# Goal of the exercise:
Except for the pictures, write out all the records that follow exactly.

Task input Start Marker

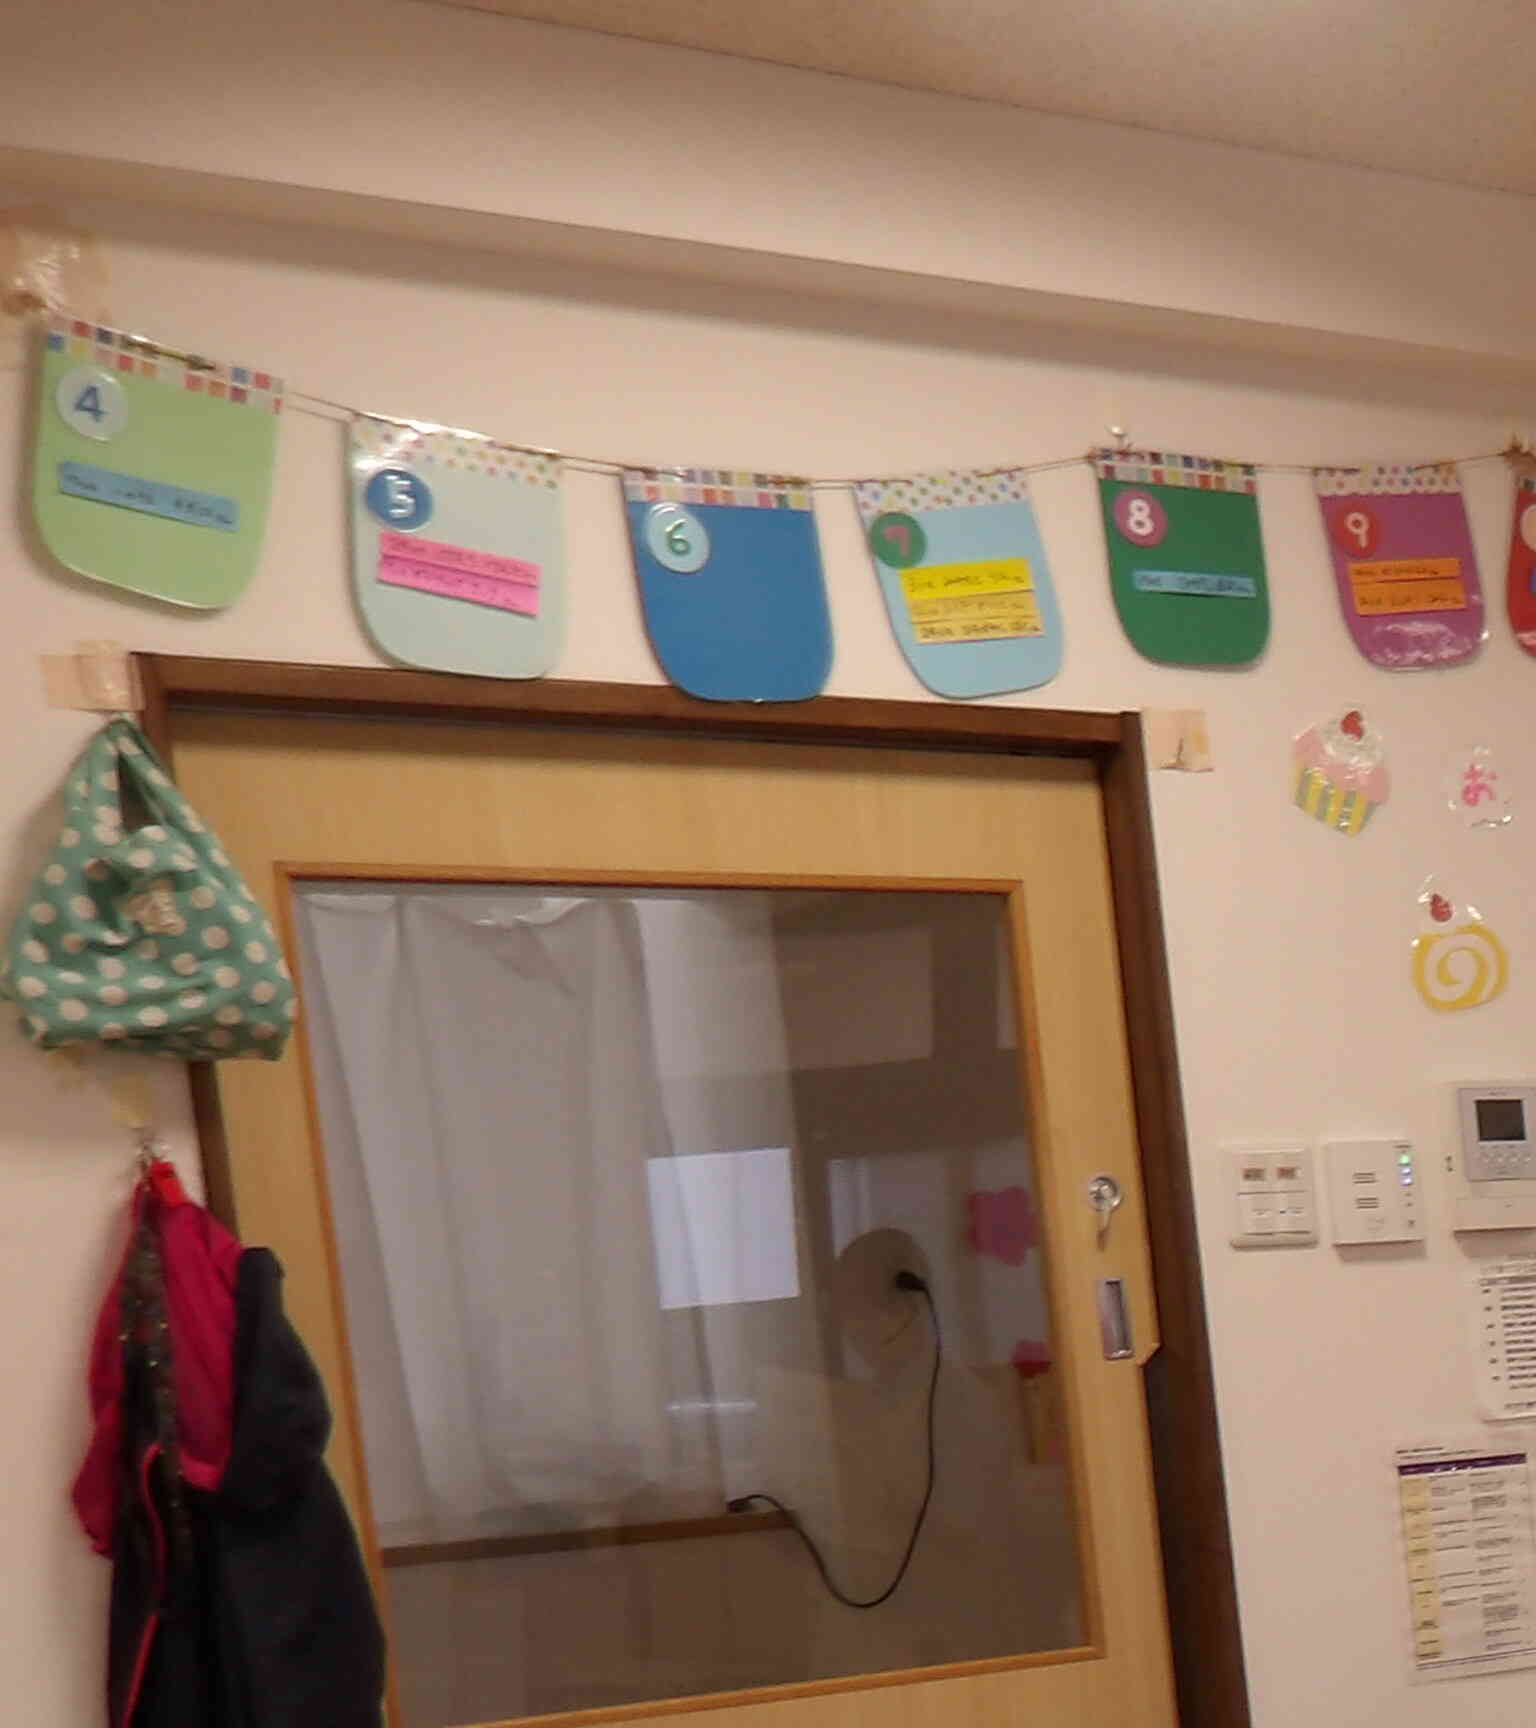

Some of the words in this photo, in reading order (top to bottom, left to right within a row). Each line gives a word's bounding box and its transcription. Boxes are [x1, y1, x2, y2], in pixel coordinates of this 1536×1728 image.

[73, 384, 108, 423] 4
[385, 475, 418, 519] 5
[1127, 498, 1155, 536] 8
[1346, 510, 1371, 549] 9
[664, 519, 692, 556] 6

Task input End Marker

# Finished exercise:
Some of the words in this photo, in reading order (top to bottom, left to right within a row). Each line gives a word's bounding box and its transcription. Boxes are [x1, y1, x2, y2], in pixel coordinates of this 1536×1728 image.

[73, 384, 108, 423] 4
[385, 475, 418, 519] 5
[1127, 498, 1155, 536] 8
[1346, 510, 1371, 549] 9
[664, 519, 692, 556] 6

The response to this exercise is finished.